Bicep tendinopathy as a term encompasses both tendinitis and tendinosis. The difference between the two is what is the amount of inflammation and the time frame of the condition. The bicep itself consists of two muscular heads near the shoulder. One being the short head that does connect up to the shoulder. The short head is rarely an issue in biceps tendinopathy. The long head bicep tendon sits in a groove on the front of the humerus, called the intertubercular groove. The tendon is held in place by a ligament called the transverse humeral ligament. This can be loose from previous injury which then can allow for subluxation of the tendon from that groove. As the shoulder can pop and click at times there are other conditions that could be at play. Other conditions that could be the problem are called differential diagnosis, meaning the broad problem is shoulder pain, but within that we can have several different specific conditions that could be listed here. The reason for such an assessment at the start is to narrow down what conditions or issues we have. This helps us dial in treatment and rehab to be as effective and time consuming as possible.

Injury to the long head of the bicep can occur via trauma such as falls and direct heavy impact. More commonly it is injured from overhead actions such as throwing, swimming, gymnastics, martial arts, etc. Other causes can be from overuse or degeneration.

Biceps Tendinopathies affect 15-35 year olds more commonly. Generally seen with overhead throwing athletes, so swimming, baseball, weight lifting volleyball and other sports not named. The long head of the bicep attaches to the top part of the shoulders labrum. Because of the position and interplay of the biceps with surrounding tissue biceps tendinopathies are generally not seen in isolation, meaning there are other issues like labral lesions, rotator cuff strains, impingements, bursitis.

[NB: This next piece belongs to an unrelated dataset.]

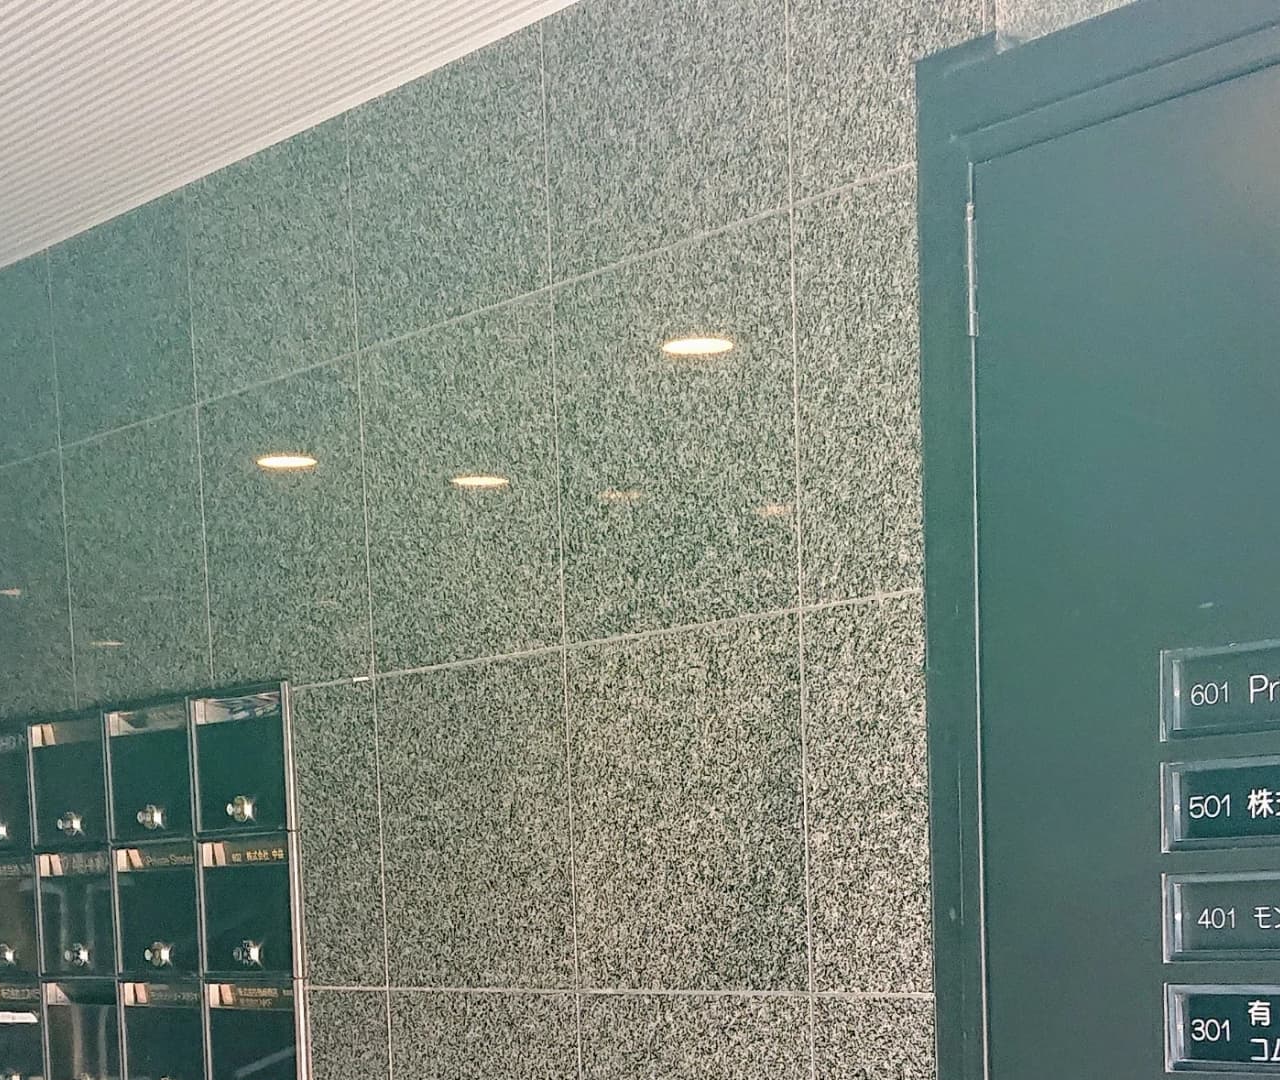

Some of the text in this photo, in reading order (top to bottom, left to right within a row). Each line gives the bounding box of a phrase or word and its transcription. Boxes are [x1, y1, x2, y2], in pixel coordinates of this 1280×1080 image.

What an assessment CAN look like or include.
Assessing a shoulder problem is like having a target that is larger than normal. As we begin to ask questions or perform tests on the shoulder we see the target becoming smaller and smaller. As we remove conditions off the list of possibles we begin to become more targeted and find tests with repeatable results.
An assessment involves a mix of visual appearance for bruising/swelling/inflammation, passive range of motion, active range of motion, baseline movements for sport/occupation, a slew of orthopedic tests along with end range loading of the joint in question along with possible spinal components as well. We utilize both movement pattern assessments of macro movements as well as micro patterns. We are looking for the best ways to interject treatment and build a plan around the condition. The goal is to get you moving better and feeling better quickly.

Options: You have several options for musculoskeletal conditions for treatment. Many start with rest, ice, compression, elevation. Very few people truly find full resolution from that. There are options of exercise only, massage only. Sports med practices may opt for corticosteroids to drop inflammation and pain, which can be a great starting point for many people. Other options include cupping therapy, trigger point dry needling, acupuncture, heat or ice, bracing, taping and so on.
What many may not realize is the risk of doing nothing about an issue like this. Here is what you may be at risk of from doing nothing,

Treatment: Best treatment options for biceps tendinopathy involve soft tissue manipulation at the beginning. Musculoskeletal issues will present with a lack of comfortable range of motion in general shoulder movements. Surrounding tissue will present inflamed, possibly red or swollen depending on the severity and acuteness of it. Our first priority is to decrease inflammation using a variety of options. Most would think to use the R.I.C.E. method, meaning Rest, Ice, Compression, Elevation. Our options in the office vary from that. Dr. Bird uses Instrument Assisted Soft Tissue Mobilization and Electric Stimulation with intramuscular needling to help decrease inflammation and begin allowing for better pain free ranges. From there much of the treatment can involve myofascial release and/or ischemic compression of involved muscles. Adding some form of kinesiology tape for support has been shown beneficial in certain cases.
Each case is different and will present with different rates of healing and resolution. For acute conditions we see that improvement in pain can happen within a few days. If symptoms are chronic in nature we know that the tissue can be more of a degenerative nature. With that there is a possibility that symptoms can get worse before they get better.

As said previously pain amounts may change, which is great. We don’t want people to be in pain. We do however realize that there is the unfortunate opportunity for relapse or re-injury. As part of any great treatment plan for muscle or joint injuries it is vital to teach better movement patterns, adding load to the tissue to help it be resilient. With each condition having their own characteristics, load management or strength capacity is vastly more important than just being pain free. This is true especially after injury. We provide an environment that allows for physical training and building of that capacity for muscle and joint health and working towards a part of the bigger picture towards injury prevention.

Citation:

https://www.aafp.org/afp/2009/0901/p470.html

https://www.ncbi.nlm.nih.gov/books/NBK533002/

https://pubmed.ncbi.nlm.nih.gov/19725488/
Churgay CA. Diagnosis and treatment of biceps tendinitis and tendinosis. Am Fam Physician. 2009 Sep 1;80(5):470-6. PMID: 19725488.